Annotated photo localization data:
+---+

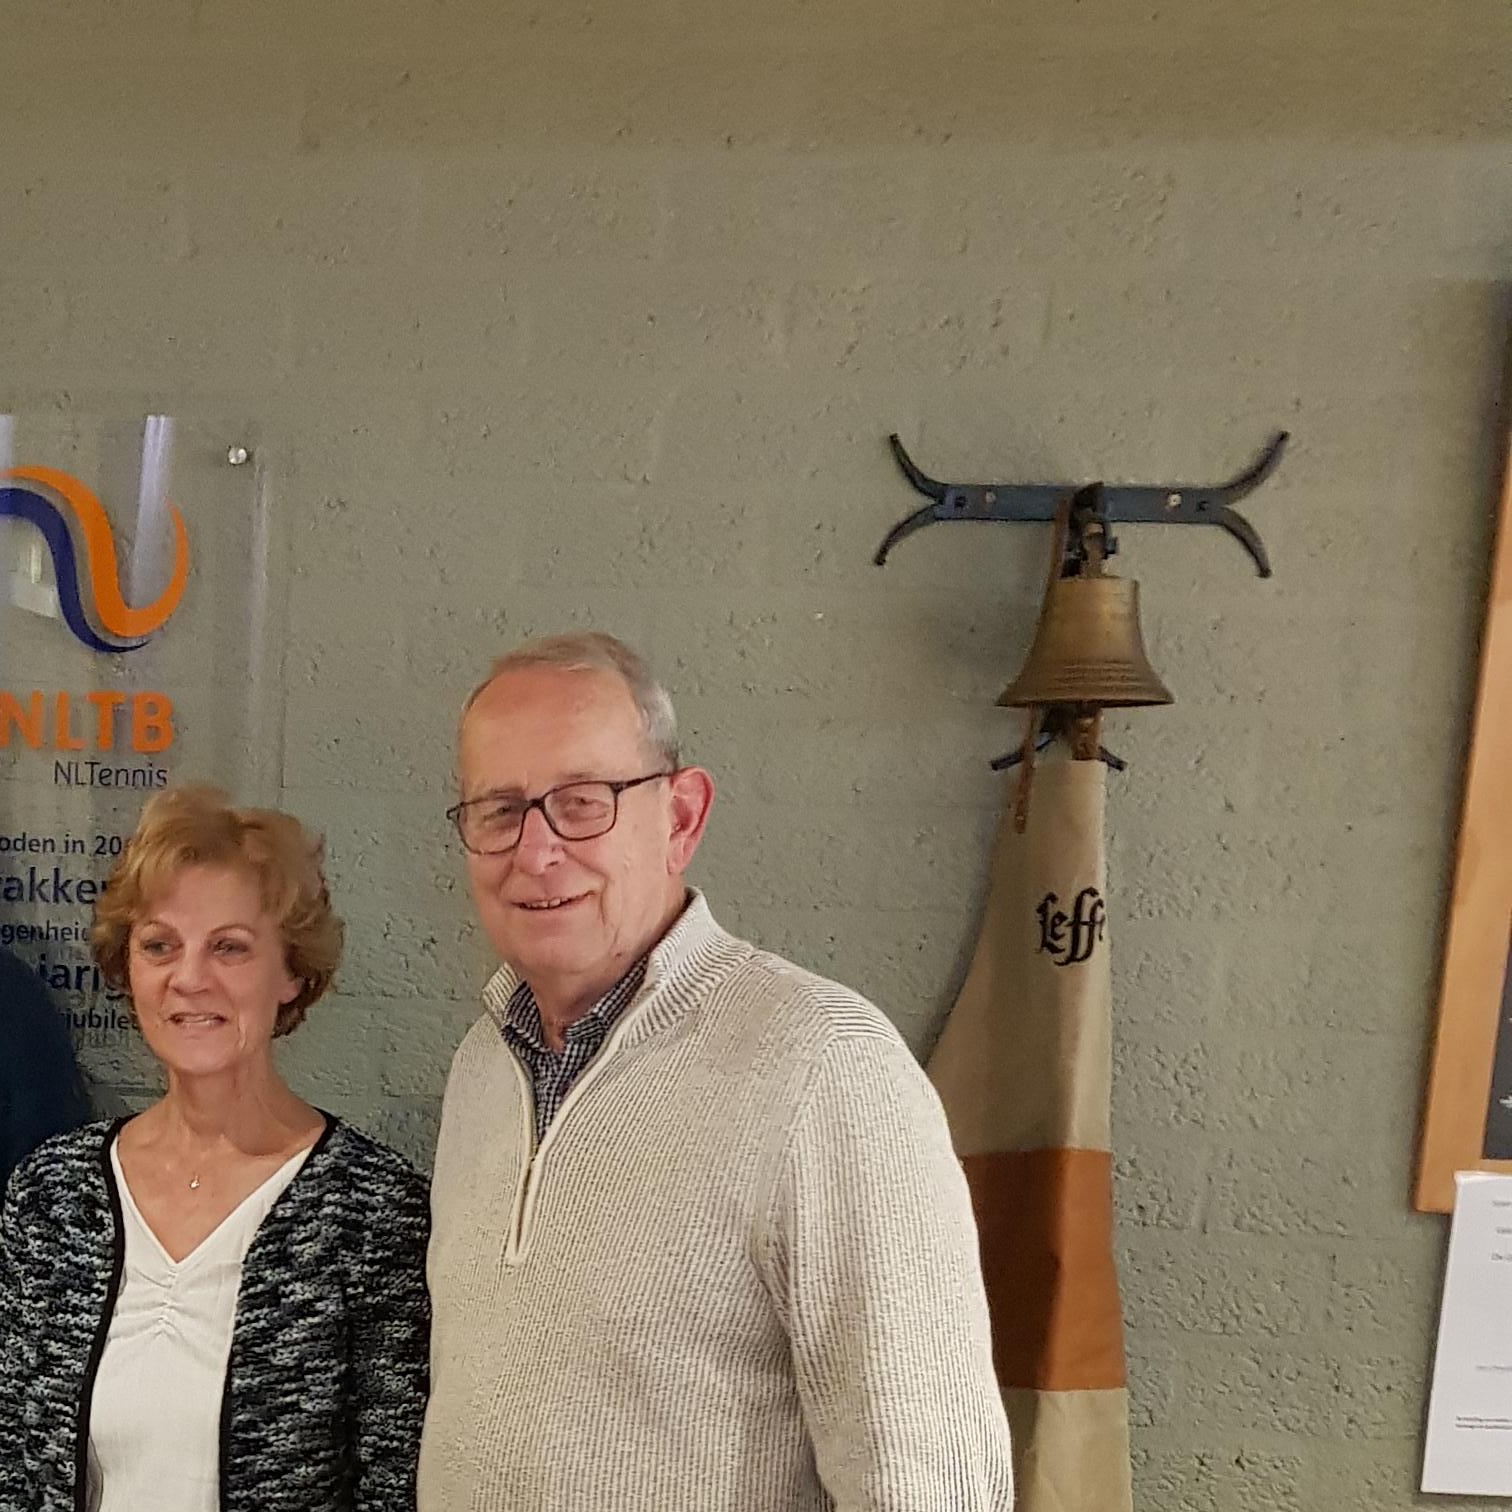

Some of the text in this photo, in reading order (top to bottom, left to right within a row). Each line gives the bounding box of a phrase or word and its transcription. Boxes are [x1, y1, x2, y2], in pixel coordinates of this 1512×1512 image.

[64, 833, 85, 855] in
[94, 835, 123, 856] 20
[59, 1008, 138, 1031] jubile
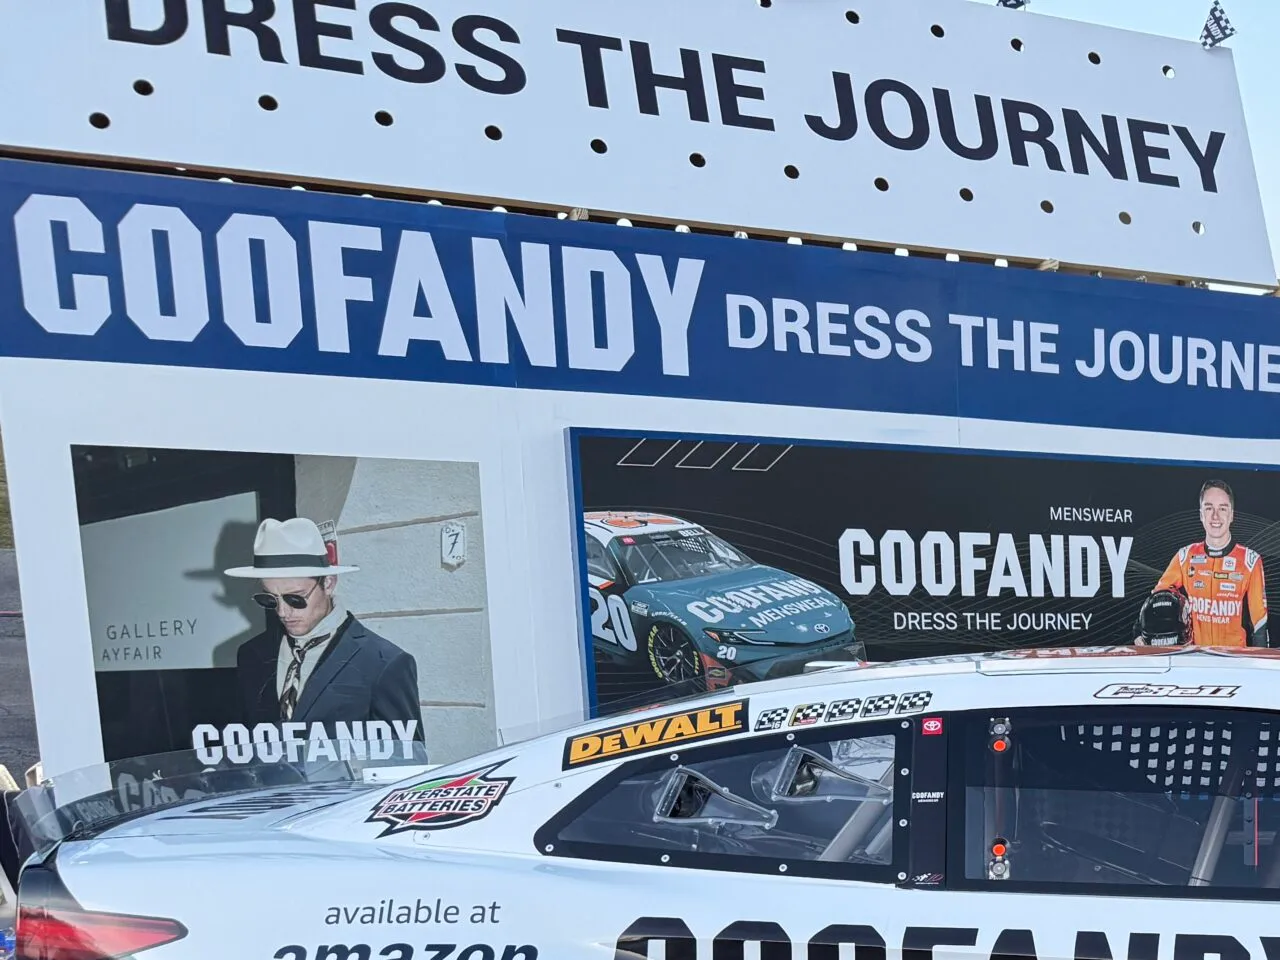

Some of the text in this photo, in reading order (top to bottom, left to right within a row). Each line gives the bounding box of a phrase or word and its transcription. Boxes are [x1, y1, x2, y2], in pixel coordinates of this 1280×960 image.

[104, 0, 1226, 194] DRESS THE JOURNEY
[13, 193, 705, 377] COOFANDY
[725, 293, 932, 363] DRESS
[949, 314, 1060, 375] THE
[1050, 506, 1133, 523] MENSWEAR
[446, 532, 460, 556] 7
[838, 528, 1134, 598] COOFANDY
[106, 618, 199, 641] GALLERY
[588, 586, 638, 652] 20
[894, 612, 1093, 631] DRESS THE JOURNEY
[717, 645, 737, 661] 20
[192, 719, 419, 765] COOFANDY
[388, 784, 497, 803] INTERSTATE
[382, 799, 486, 814] BATTERIES
[325, 898, 501, 926] available at

+---+

Give the data again exactly, image-free.

Some of the text in this photo, in reading order (top to bottom, left to right within a row). Each line gives the bounding box of a phrase or word and its transcription. Boxes are [x1, y1, x2, y2], in pixel coordinates of this 1512×1512 image.

[64, 833, 85, 855] in
[94, 835, 123, 856] 20
[59, 1008, 138, 1031] jubile

Some of the text in this photo, in reading order (top to bottom, left to right within a row). Each line gives the bounding box of a phrase or word and its transcription. Boxes are [x1, y1, x2, y2], in pixel coordinates of this 1280×960 image.

[104, 0, 1226, 194] DRESS THE JOURNEY
[13, 193, 705, 377] COOFANDY
[725, 293, 932, 363] DRESS
[949, 314, 1060, 375] THE
[1050, 506, 1133, 523] MENSWEAR
[446, 532, 460, 556] 7
[838, 528, 1134, 598] COOFANDY
[106, 618, 199, 641] GALLERY
[588, 586, 638, 652] 20
[894, 612, 1093, 631] DRESS THE JOURNEY
[717, 645, 737, 661] 20
[192, 719, 419, 765] COOFANDY
[388, 784, 497, 803] INTERSTATE
[382, 799, 486, 814] BATTERIES
[325, 898, 501, 926] available at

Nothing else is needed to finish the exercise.